Day 95: Have coffee with your old work colleague. Appoint yourselves the co-leads of the newly created media team for the activist group. Wonder if you will have the time. Wonder if you know what the hell you’re doing. Wonder if you will fail not only the group but yourself. Shrug your shoulders and do it anyway. Wear your Mother of Dragons t-shirt because it makes you feel like a bad-ass.
Day 96: Vow to aid and abet journalism. Vow to prop up the Fourth Estate. Vow to help them do their jobs. Feel fierce mother-bear protectiveness for the perilous road ahead. Laugh in the face of absurdity. Embrace your true Sagittarian nature: a torch-bearer of Truth and Justice.
Day 98: See that the activist group is now over 3,000 members.
Day 100: Meet a friend for coffee as you do every Wednesday morning. Remind yourselves about self-care. Remind yourselves about the need to bring love and positive energy into activism. Remind yourselves that it is not always about shouting and anger and intensity. And remember also that activism makes it sound like we are separate, standing over there with all the answers. Except that we’re not separate, and we don’t have all the answers. If only everyone understood we love our country, too, and we’re trying as hard as they are to figure it all out. We’re just doing our jobs—finally. We’re just being humans, a demos, practicing our divine right as citizens to wake up, to claim our power, to demand that someone listen, to demand a better world.

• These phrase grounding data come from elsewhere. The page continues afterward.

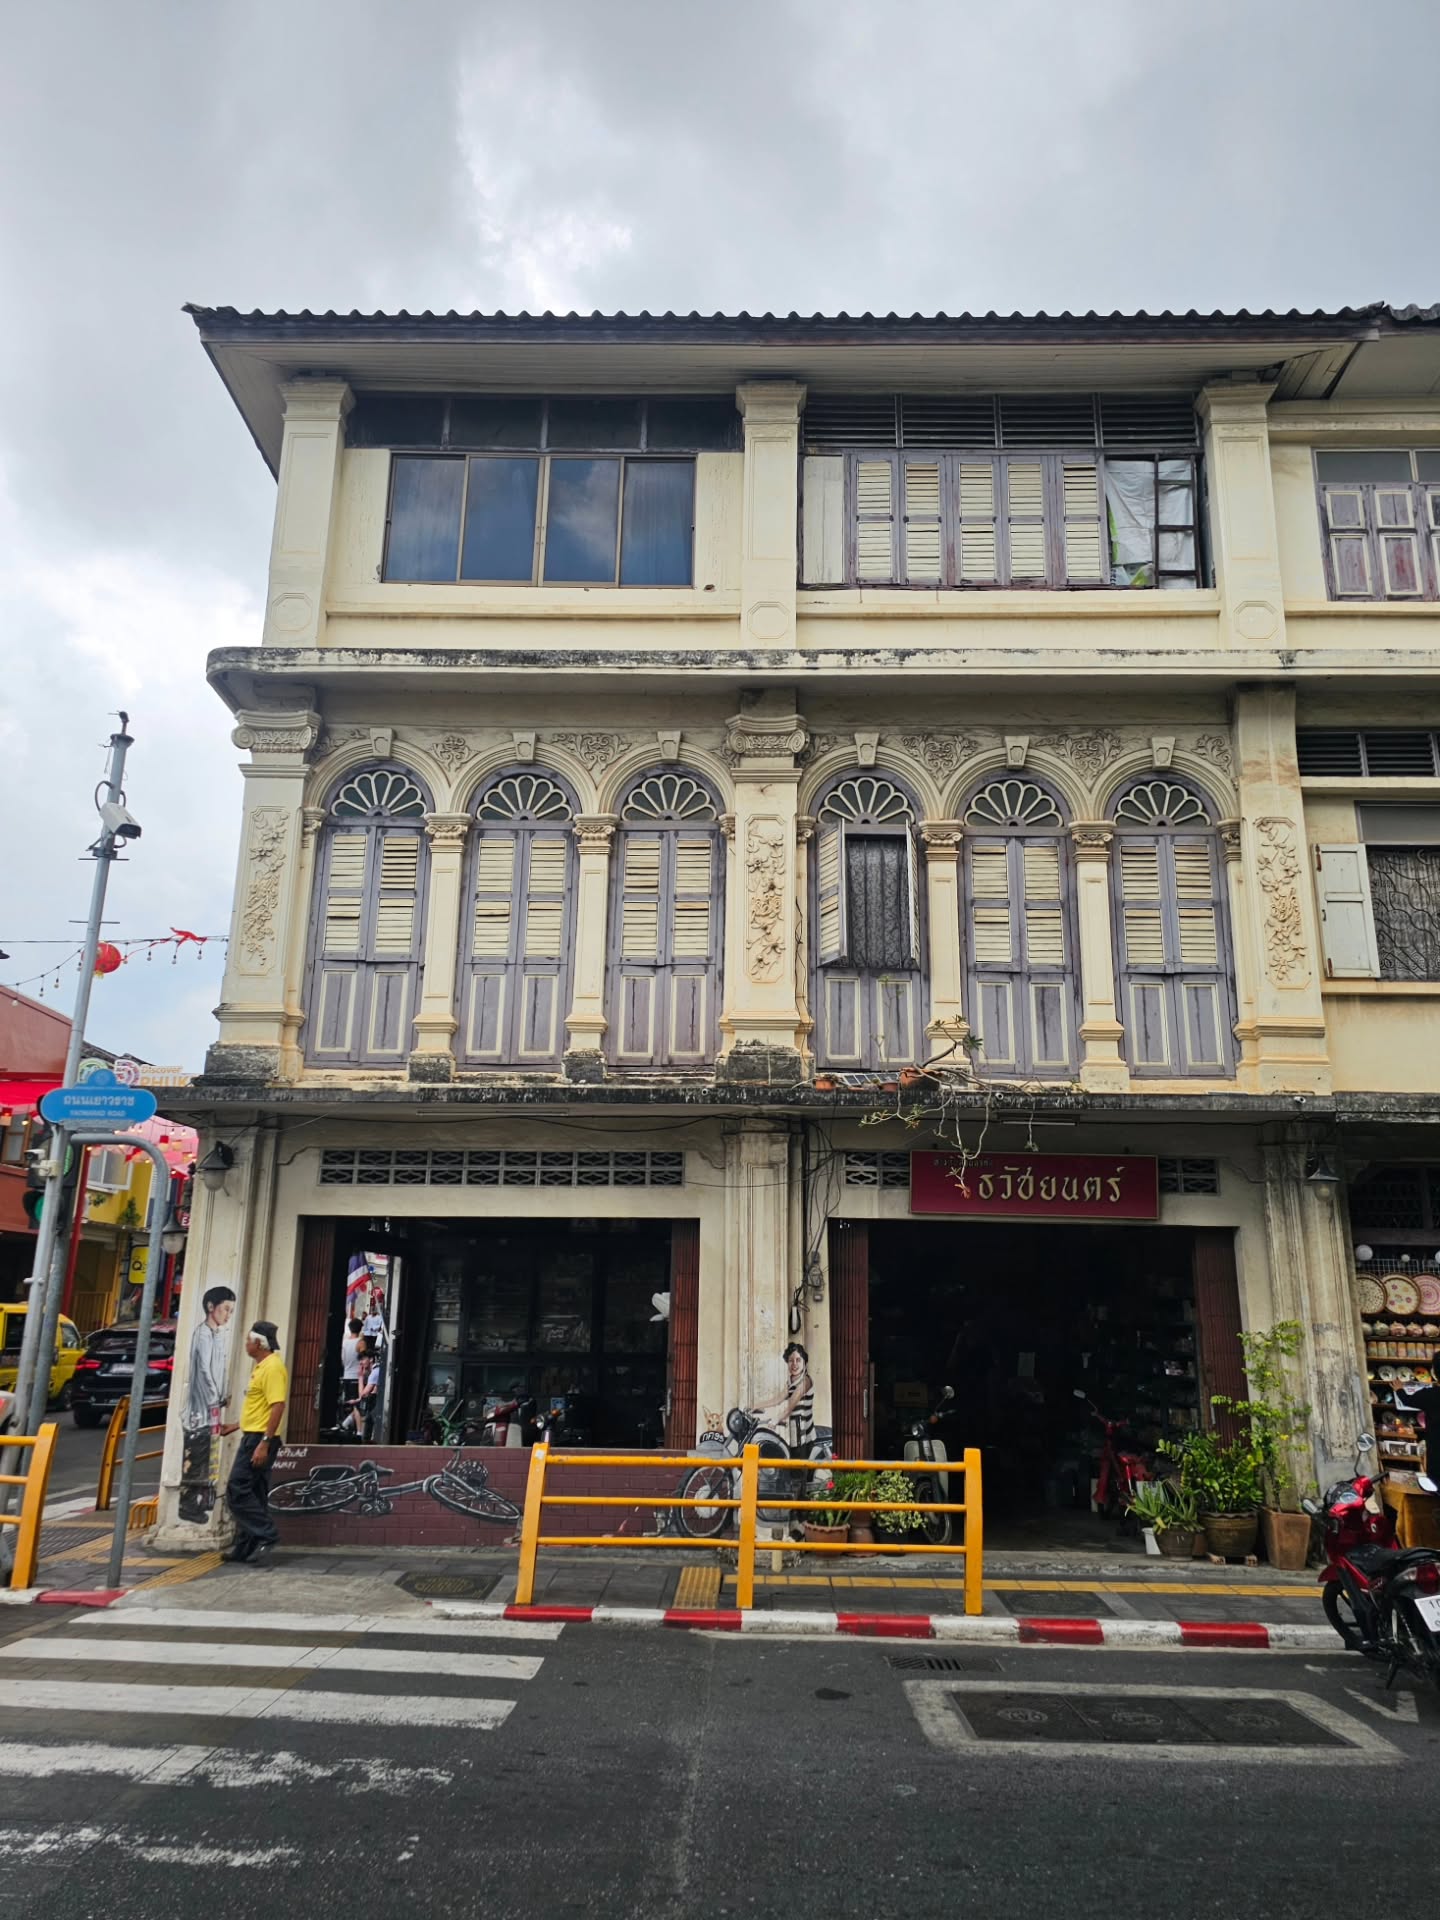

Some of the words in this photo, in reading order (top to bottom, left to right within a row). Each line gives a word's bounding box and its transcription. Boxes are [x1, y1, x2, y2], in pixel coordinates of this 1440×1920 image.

[107, 1109, 126, 1117] ROAD
[977, 1165, 1127, 1203] ธวัชยนตร์
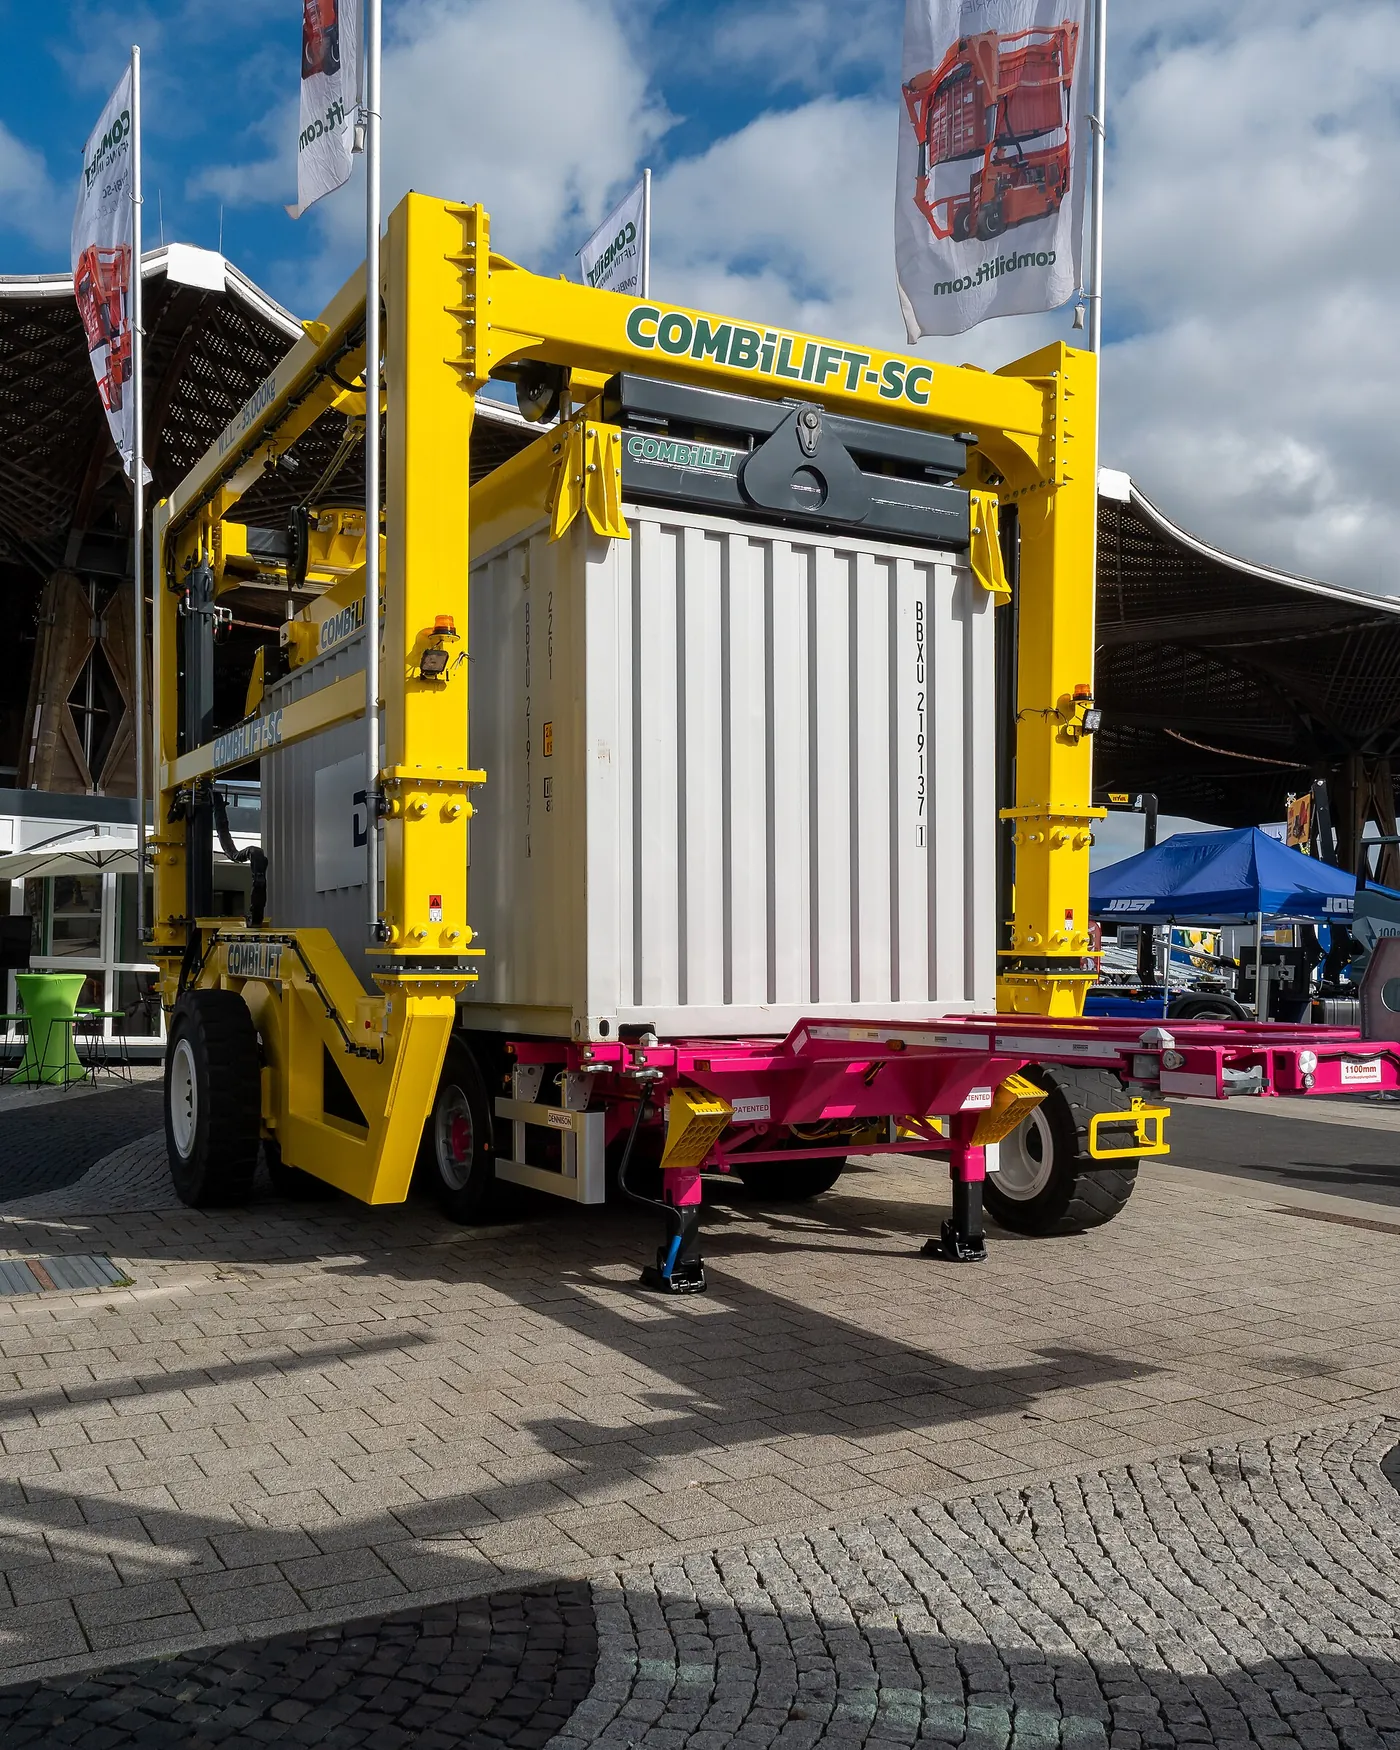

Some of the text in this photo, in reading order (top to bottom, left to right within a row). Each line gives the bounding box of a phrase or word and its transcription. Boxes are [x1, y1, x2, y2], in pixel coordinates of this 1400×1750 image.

[626, 306, 933, 405] COMBiLIFT-SC
[916, 600, 924, 684] BBXU
[917, 692, 925, 816] 219137
[1102, 899, 1155, 911] JOST
[1345, 1065, 1377, 1074] 1100mm
[733, 1104, 770, 1114] PATENTED

Day 200, 230, who knows anymore: Still volunteer for the activist group; still watch the news (sometimes); mostly keep your attention trained on long-form sources of knowledge and information: podcasts, magazine articles, books upon books upon books. Feel fewer heart palpitations. Wonder if this is a sign of the normalization everyone warned us about. Notice the group is over 4,000 now. Think: it’s summer…I just want to chill. Feel guilty about chilling because the fight for healthcare is on. Remember that healthcare matters not just to the populace at large, but to members of your own family. Try to stay focused. Let your mind wander to voter suppression and the environment and free speech, where your true concerns lie. Still look for paid work. Still struggle to stay afloat. Remember that your personal struggle is a microcosm. Watch a video about how to connect with those who think differently. Be humbled (again) by the complexity of human communication and the power of tribalism. Re-dedicate yourself to the cause. Know it will look and sound different tomorrow, and again next week, and again next year. Vow to keep showing up. Vow to bring more love and understanding into it. But also vow to be watchful, wise, and unshakeable. Vow that on your death bed (when you’re at least 94), you can say with assurance, “I did everything I could.”